Abstract
My technical capstone and my STS research paper both deal with risks created by
complex software systems, but at different levels. In my capstone report, I worked on securing an
internal calendar application at Freddie Mac by remediating open source vulnerabilities and
stabilizing its deployment pipeline. In my STS research, I analyzed Amazon’s experimental AI
hiring tool through the lens of care ethics to show how data driven systems can discriminate
against women applicants when engineers fail to attend to their vulnerabilities. Together, these
projects showed me that technical choices about data, dependencies, and infrastructure are tightly
connected to questions of responsibility, trust, and harm.
In the technical project, I focused on a cloud native calendar UI that had accumulated
outdated Angular and Node.js dependencies. Security scans were failing, revealing
vulnerabilities that could expose the organization to cyber attacks and regulatory issues. My
work centered on identifying vulnerable third party libraries, planning safe upgrade paths,
updating the codebase to work with newer versions, and pushing changes through Jenkins
pipelines into an Amazon EKS cluster. I monitored how the calendar microservice behaved at
runtime so I could catch issues after each deployment. The project turned a neglected component
into a hardened, maintainable service and showed how quickly technical debt can become a
serious organizational risk if engineers do not actively maintain the systems they deploy.
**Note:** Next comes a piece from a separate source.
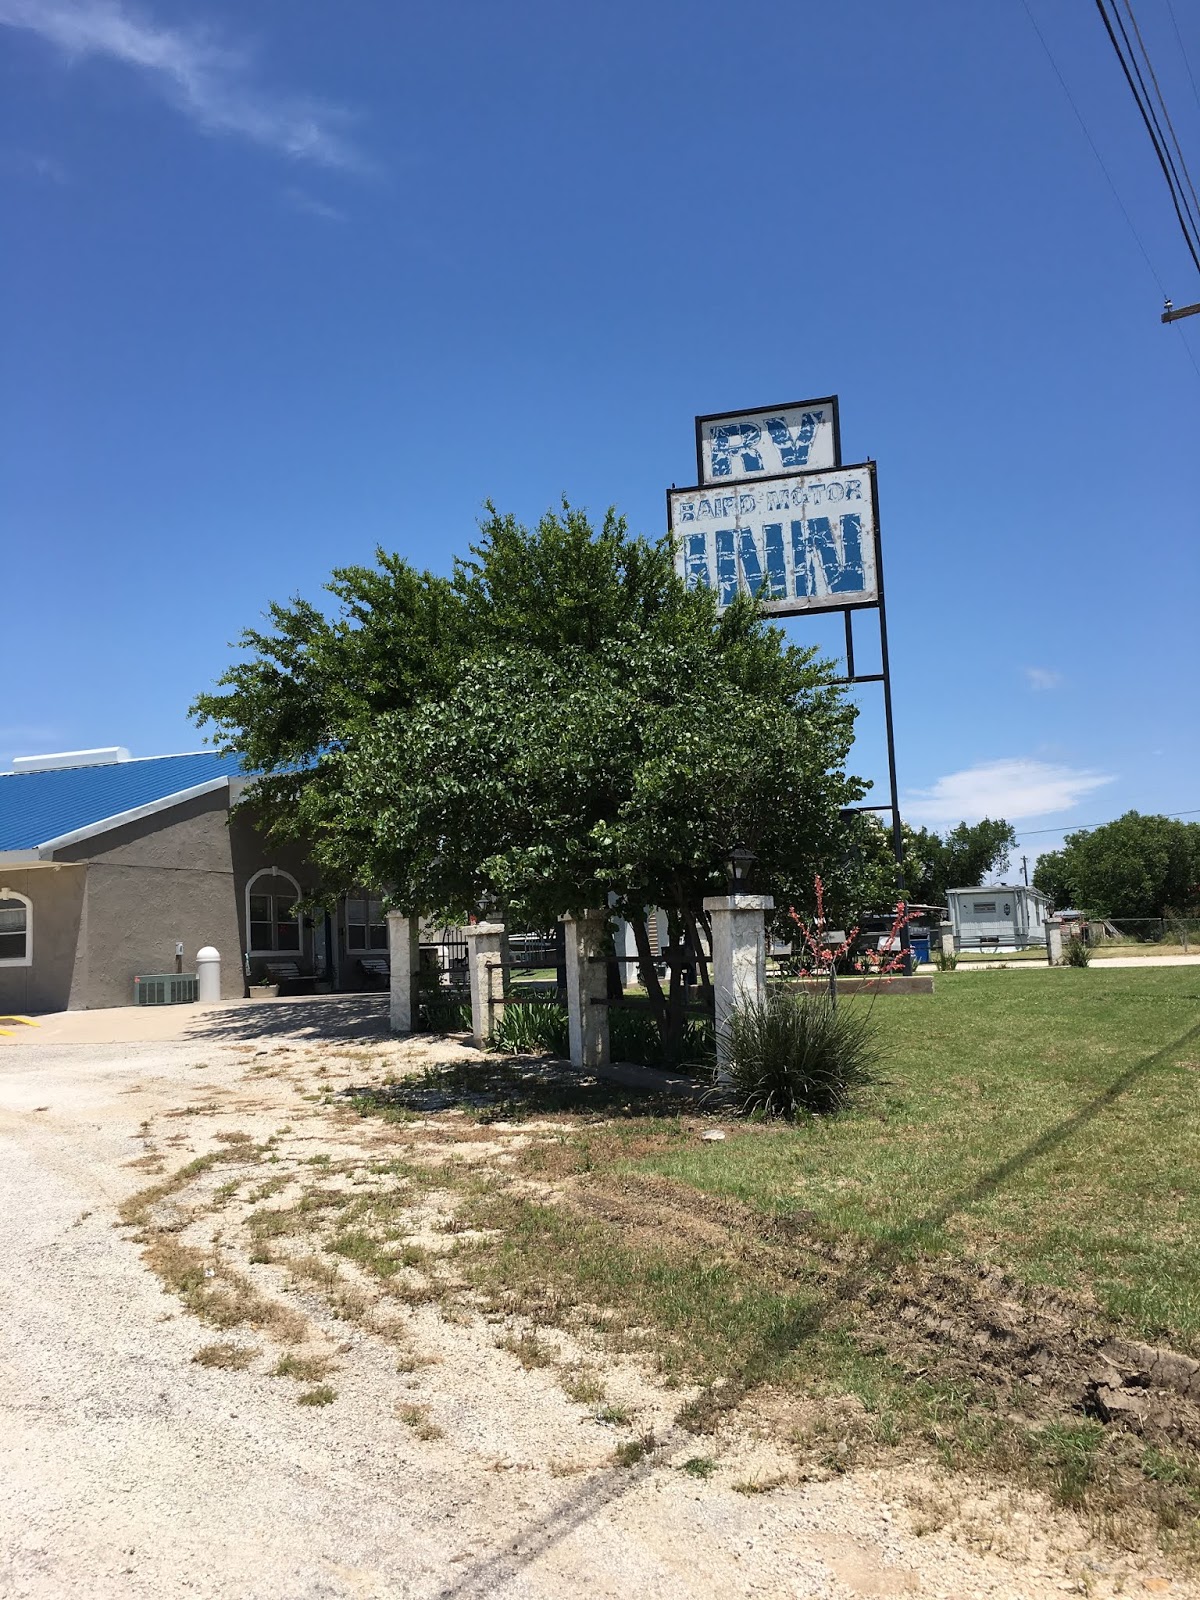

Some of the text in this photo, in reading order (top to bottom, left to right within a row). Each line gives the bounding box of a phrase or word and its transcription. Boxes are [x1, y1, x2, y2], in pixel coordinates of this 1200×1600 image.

[709, 410, 824, 477] RV
[679, 479, 862, 523] BAIRD MOTOR
[683, 513, 866, 607] INN
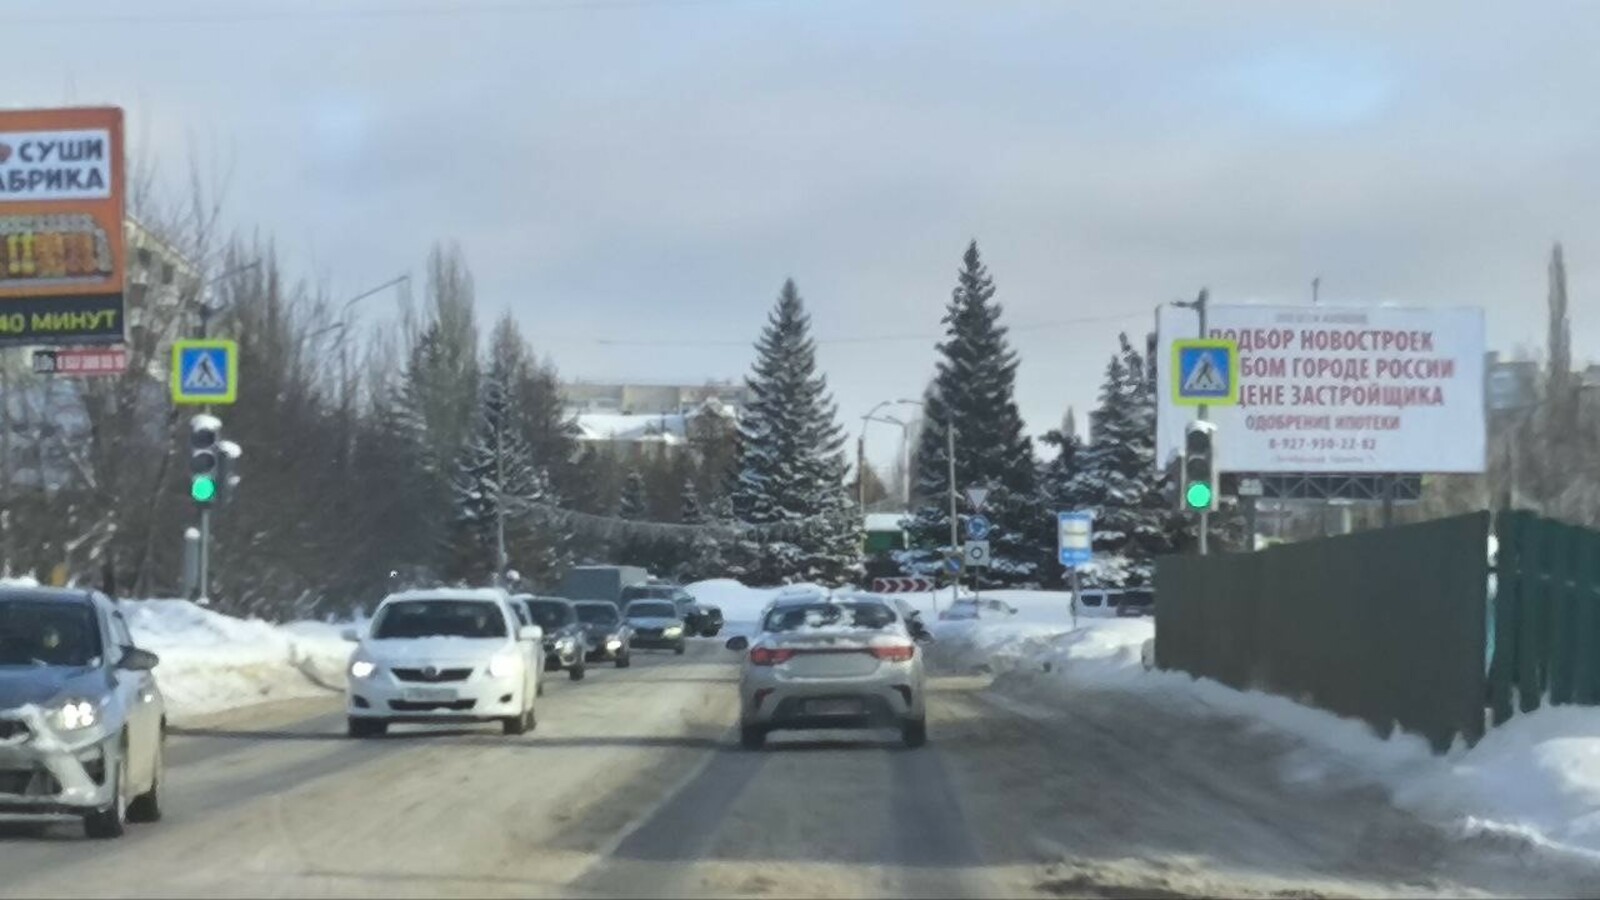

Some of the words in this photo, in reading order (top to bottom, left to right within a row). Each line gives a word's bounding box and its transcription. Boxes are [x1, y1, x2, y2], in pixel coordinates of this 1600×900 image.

My STS research paper began from a different kind of risk: not a security hole, but the
way an AI system can embed discrimination into hiring. I examined Amazon’s AI hiring tool and
argued that it was deficient when viewed through care ethics. Training on male dominated
historical data, failing to proactively check how the model treated women associated signals, and
reacting to bias only after obvious problems emerged all reflected a lack of attentiveness to
women applicants as vulnerable stakeholders. I also showed how responsibility for protecting
those applicants was diffused across recruiters, engineers, managers, and executives, so no one
role was clearly charged with caring for their interests. Even when bias was discovered, the
response focused on fixing or shelving the tool rather than learning from women’s experiences or
redesigning practices to prevent similar harms in future systems.
Working on these projects at the same time changed how I understand responsible
software engineering. The capstone work gave me practical experience with securing and
operating real systems, while the STS project made me ask who is affected when those systems
fail or when they are designed without attention to vulnerable groups. It convinced me that
caring about “users” cannot only mean keeping services up and data safe; it also means asking
who is represented in the data, who is left out, and who might be quietly disadvantaged by design
choices that seem purely technical. Going forward, I hope to integrate these insights by treating
security, maintenance, and fairness as core parts of my engineering practice, building in early
reflection on stakeholders’ vulnerabilities and clear structures of responsibility rather than
waiting for a crisis to force those lessons on the team.